フェルトセンス
フォーカシングはフェルトセンスという、微細な感覚を使って自分を理解していきます。
「何かはっきりしない、漠然としたからだの感じ」を、ジェンドリンはフェルトセンスと呼ぶことにしました。日本語で直訳すると、「感じられた意味」となり、かえって分かりにくいので、そのまま「フェルトセンス」と呼びます。
フェルトセンスは純粋な身体的感覚(打撲の痛みなど)とは異なり、何らかの心理的意味を含んだ身体の感じです。
フェルトセンスは、私たちの日常生活の中で、「注意を向ければそこ(内側)にある」ものです。

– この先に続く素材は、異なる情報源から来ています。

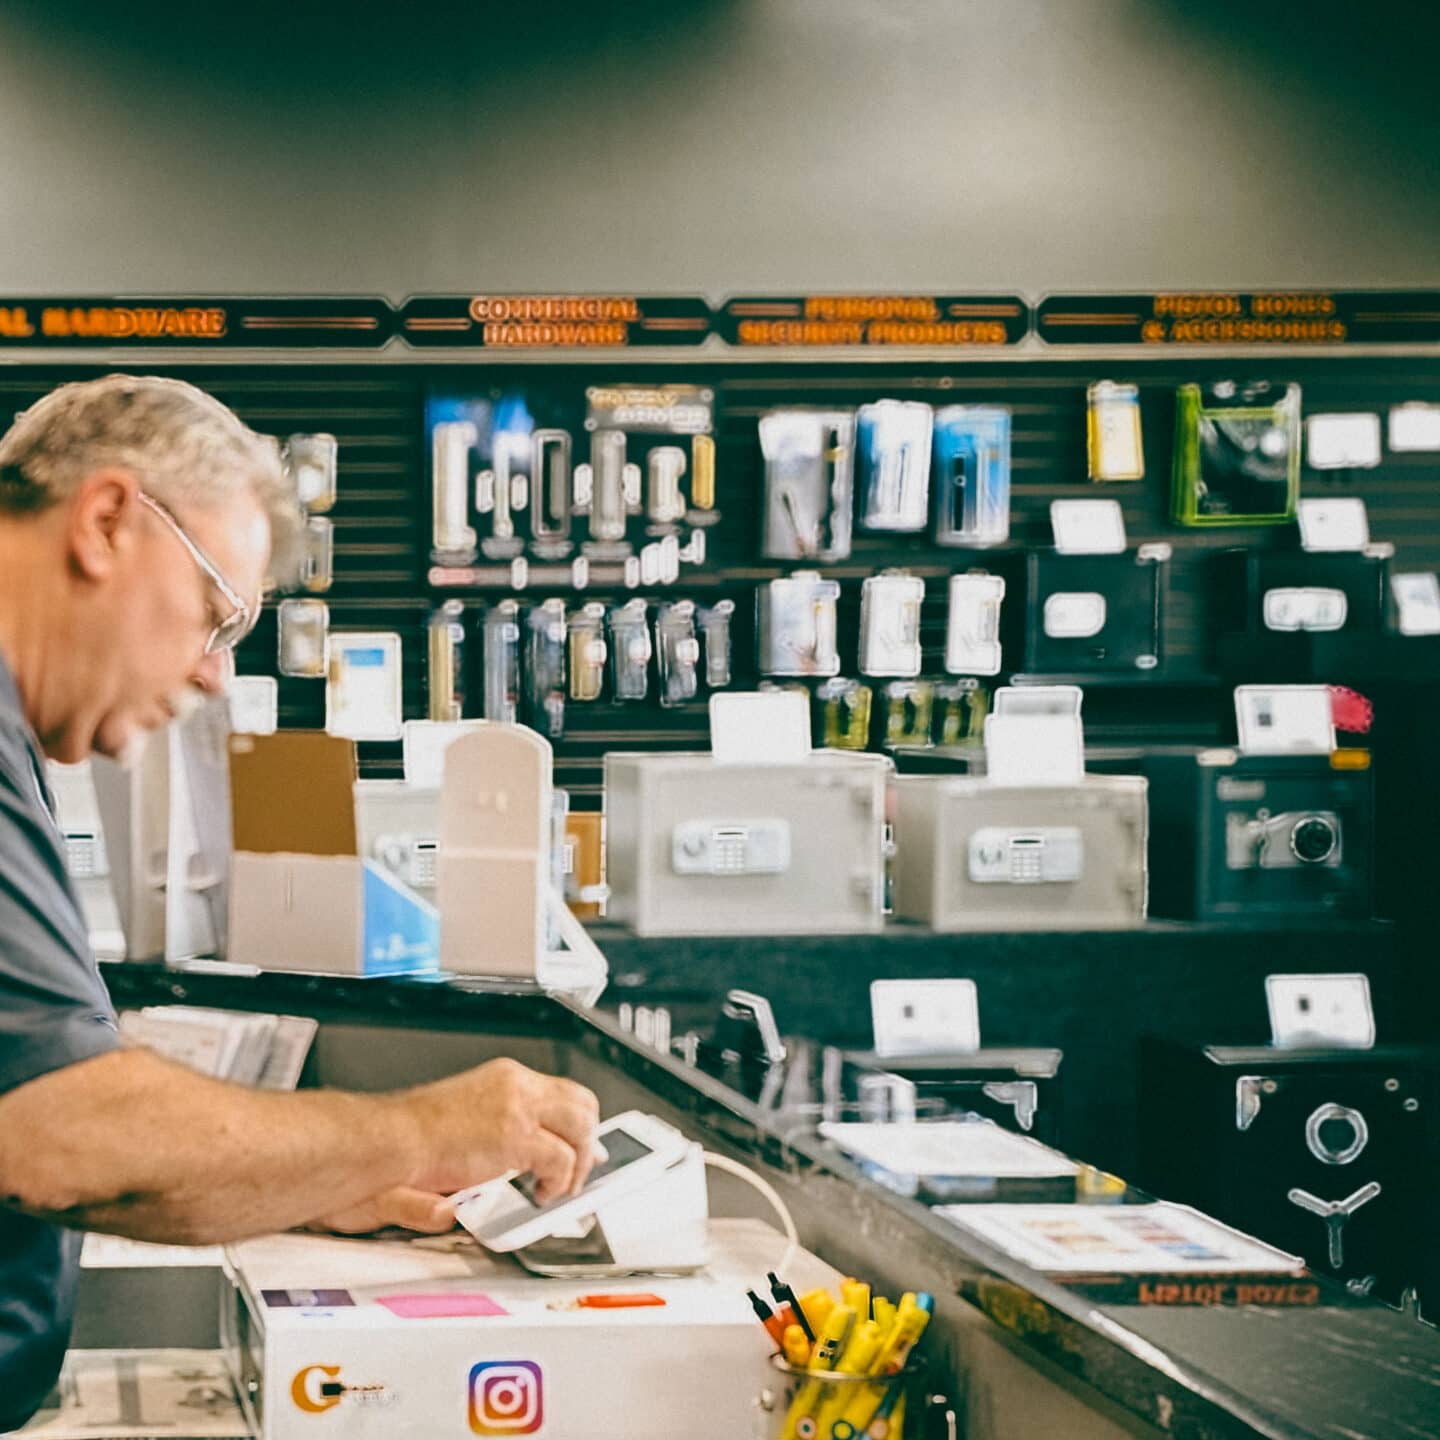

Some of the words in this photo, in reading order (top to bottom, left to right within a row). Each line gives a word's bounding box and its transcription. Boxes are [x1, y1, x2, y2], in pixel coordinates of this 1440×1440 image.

[469, 296, 641, 321] COMMERCIAL
[42, 307, 227, 336] HARDWARE
[483, 322, 628, 346] HARDWARE

忙しすぎる毎日の中では、私たちはフェルトセンスの上を通りすぎてしまっています。
私たちは子どものうちから大なり小なり、自分の思いなんか蓋をしておくほうがいいんだという風にしてやり過ごしてきている(やり過ごさせられてきている)ので、よけい見えにくくなっているのです。
しかし、それでもそれは、「注意を向ければそこにある」のです。
フェルトセンスはフォーカシングの中核概念です。
フェルトセンスに触れることができれば、それはフォーカシングができたということですし、フォーカシングを理解したといって過言ではありません。
ゆったりとした気持ちになって、折に触れて、フェルトセンスを感じることが大事です。
フェルトセンスと「一緒に時を過ごす」こと自体が、私達に癒しをもたらします。
深い充実感を伴って「ああ、こういう感じが自分の中にあるんだな」「今自分は、自分に触れているなあ」と実感するものです。
フェルトセンスに触れることの意義は、子どもと一緒に時をすごす意義に似ているかもしれません。
子どもに関心を持って一緒に過ごしていると、子どもはほんとうに喜びます。
それと同じように、私達の内面は、私達に注意を向けてもらうということをとても喜ぶのです。
フェルトセンスは、本当の意味で自分の一部です。
自分を無視して、自分を理解する事はできません。
自分を理解しない人は、他人にも理解されないでしょうし、無理があります。